Building a ChatGPT from Scratch: A Dive into LLM Training

Try the model above — it's a 561M parameter model trained from scratch. It makes mistakes, it hallucinates, and it's a bit naive, but it's fun.

Motivation

Large Language Models have transformed AI, but their training pipelines remain opaque to myself.
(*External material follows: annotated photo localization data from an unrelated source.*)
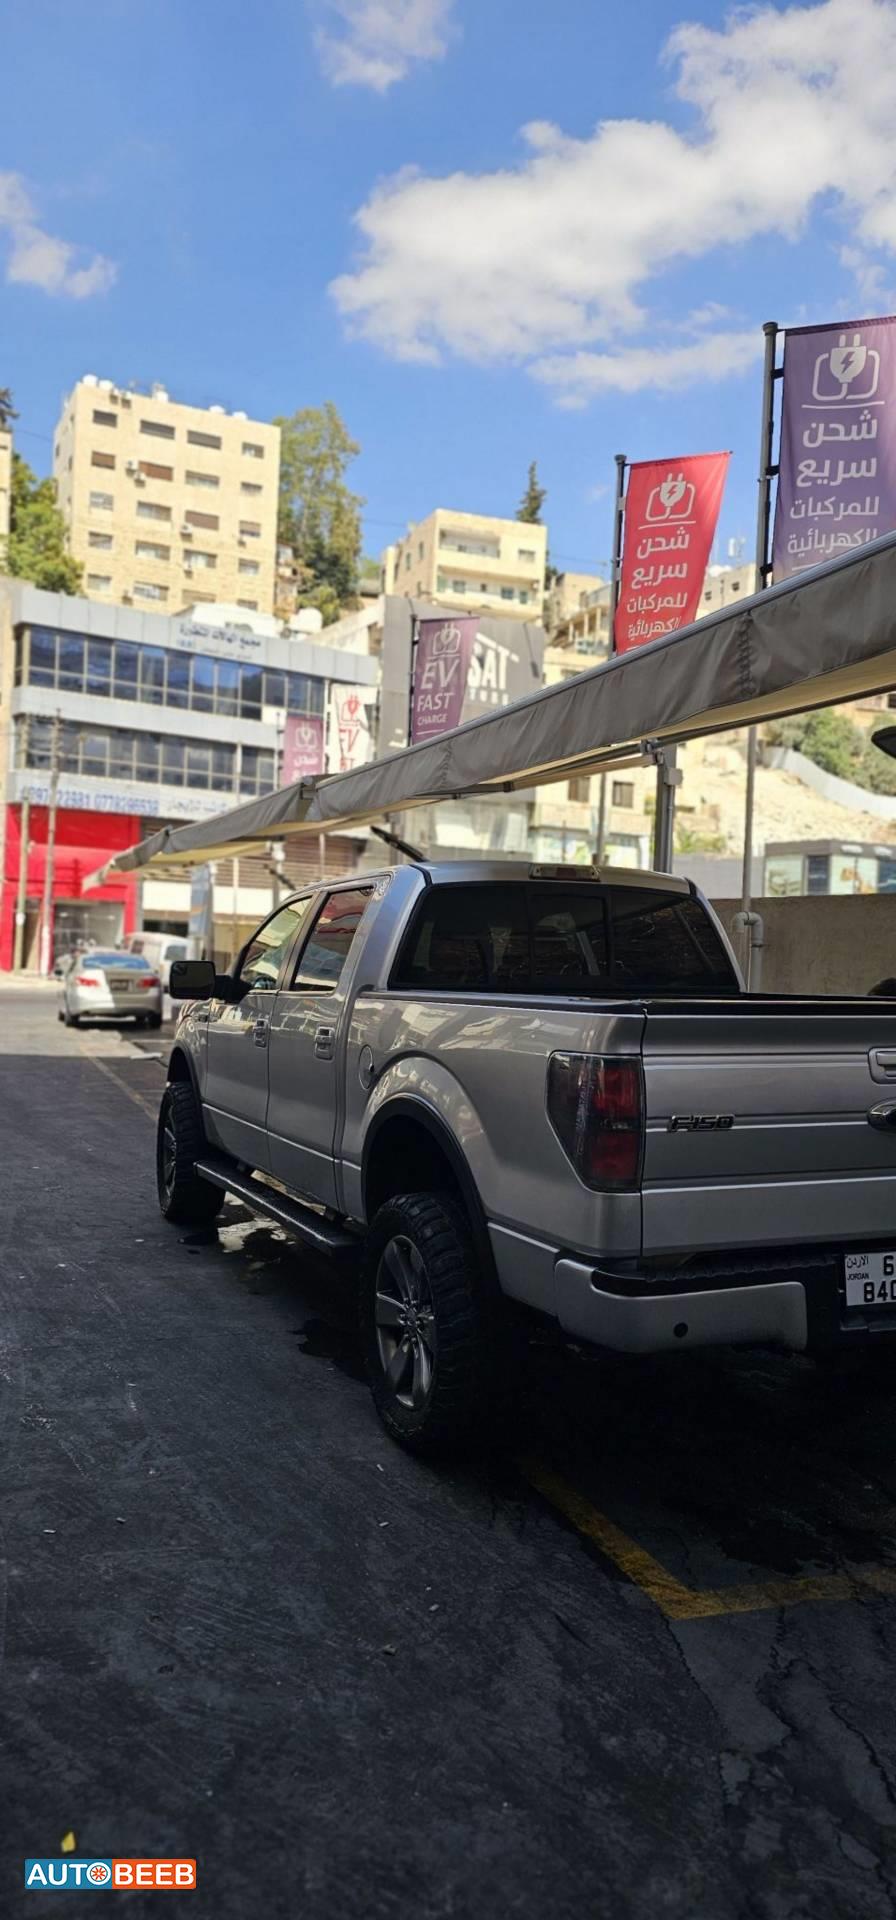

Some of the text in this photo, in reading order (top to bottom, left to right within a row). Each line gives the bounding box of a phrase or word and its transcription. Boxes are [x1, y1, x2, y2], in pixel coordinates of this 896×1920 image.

[803, 409, 877, 447] شحن
[796, 457, 877, 487] سريع
[790, 496, 879, 521] للمركبات
[637, 526, 690, 559] شحن
[631, 562, 688, 589] سريع
[627, 592, 688, 614] للمركبات
[421, 659, 460, 689] EV
[417, 692, 455, 712] FAST
When I encountered Andrej Karpathy's nanochat project, I saw an opportunity to get my hands dirty with every stage of LLM development—not just fine-tuning pre-trained models, but building one from the ground up.

This project wasn't about competing with GPT-4. It was about understanding the fundamentals:

How does tokenization affect model efficiency?
What happens during distributed pretraining?
How do you transition from next-token prediction to conversational AI?
What trade-offs exist between model size, data, and compute?
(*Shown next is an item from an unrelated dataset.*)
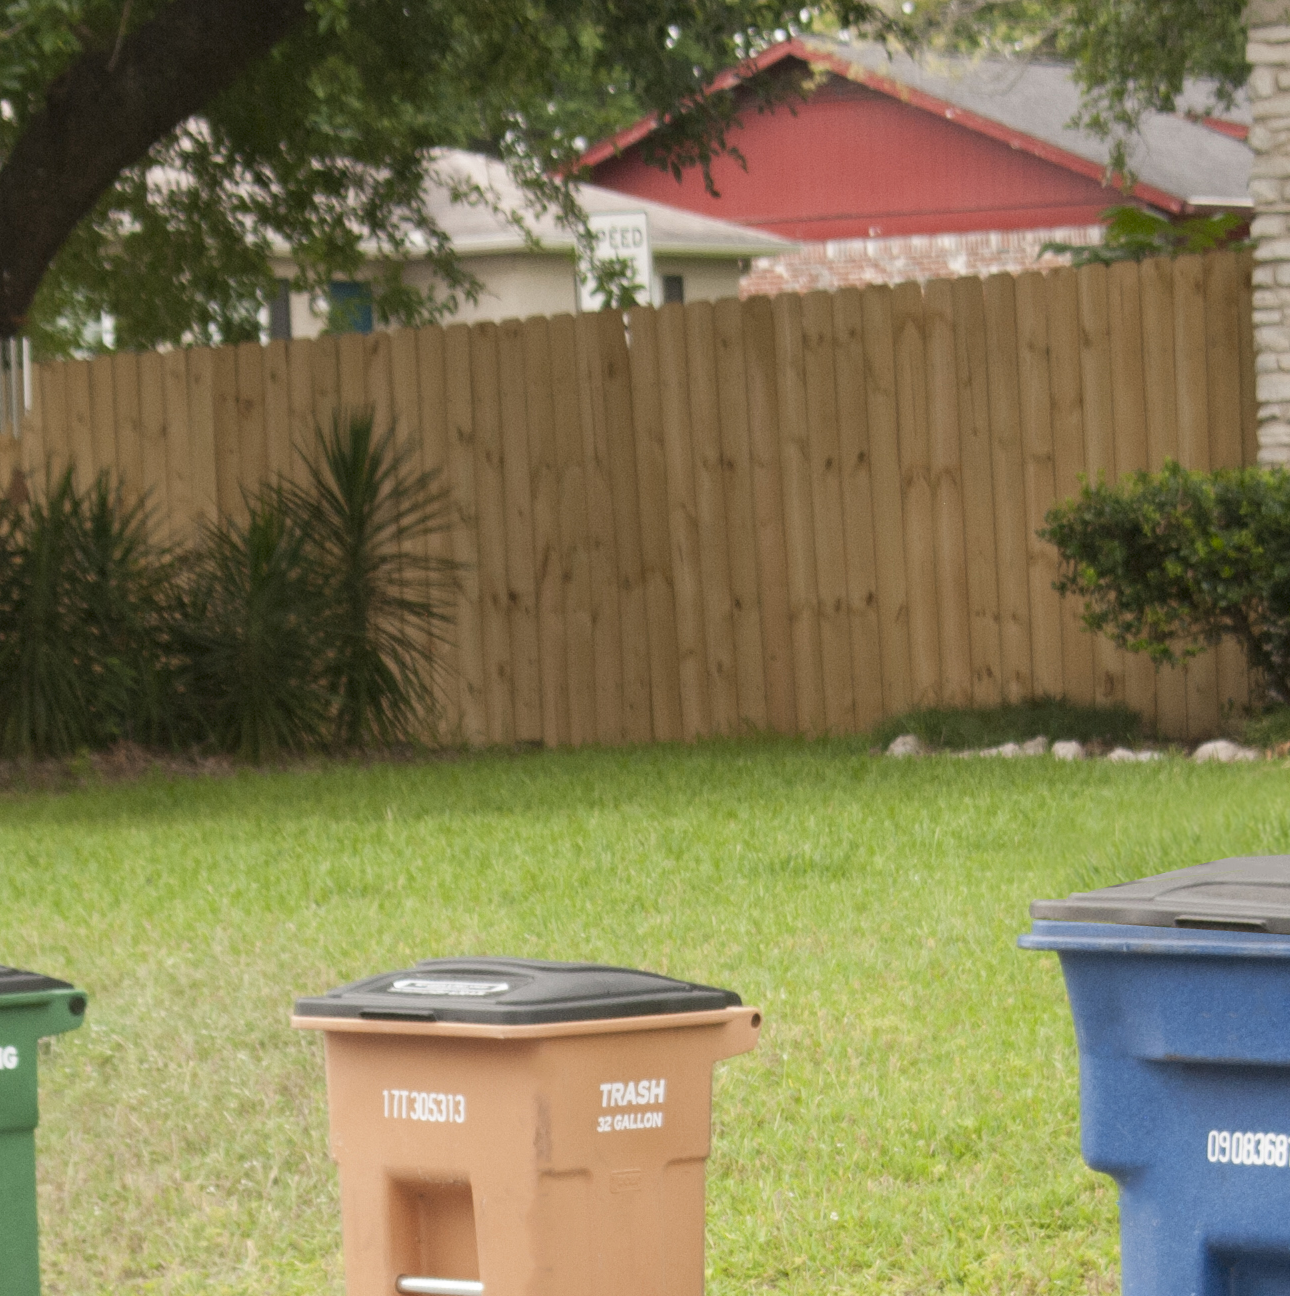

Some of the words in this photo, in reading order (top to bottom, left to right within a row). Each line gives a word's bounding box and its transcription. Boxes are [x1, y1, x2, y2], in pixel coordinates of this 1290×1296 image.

As someone aiming to apply deep learning to model biological systems, these foundational skills—handling large-scale data, distributed training, and representation learning—are directly transferable. The techniques that enable LLMs to compress human language into vector spaces can similarly help compress the complexity of cellular processes, gene expression patterns, and protein interactions.

Technical Overview

Architecture: GPT-Style Decoder-Only Transformer

Model Specifications:

Parameters: 561 million (d20 configuration: 20 layers)
Context Length: 2048 tokens
Vocabulary: 65,536 tokens (custom BPE tokenizer)
Hidden Dimension: 1024
Attention Heads: 16
Activation: GELU

Training Infrastructure:

Hardware: 8× NVIDIA A100-SXM4-80GB GPUs (634GB total VRAM)
Framework: PyTorch 2.8.0 with Distributed Data Parallel (DDP)
Platform: Lambda Labs cloud (CUDA 12.8 on Linux)
Total Cost: ~ $120 (8.4 hours at$ 14.32/hour)
Model FLOPs Utilization (MFU): 20.82%

The Complete Training Pipeline

Stage 1: Custom Tokenizer Training

Instead of using GPT-2's tokenizer, a custom Byte Pair Encoding (BPE) tokenizer was trained from scratch on 2 billion characters from the FineWeb-Edu dataset.

Performance vs. Baselines:

Domain	vs GPT-2	vs GPT-4
News	+7.2%	+3.1%
Science	+12.3%	+8.4%
Code	+14.4%	-59.5%
Math	-3.2%	-16.1%

Key Insight: The tokenizer excels at scientific text and natural language (the training domain) but underperforms on code and multilingual data (expected, since FineWeb-Edu is English-heavy). This demonstrates the importance of domain-matched tokenization, a critical consideration for future applications in computational biology where domain-specific vocabularies (gene names, protein sequences, chemical compounds) require specialized tokenization strategies.

Compression Ratio: 4.91 bytes/token (competitive with GPT-2's 4.67 and GPT-4's 4.81)

Training Time: 1.6 minutes on 8xA100

Stage 2: Base Model Pretraining (21,400 iterations)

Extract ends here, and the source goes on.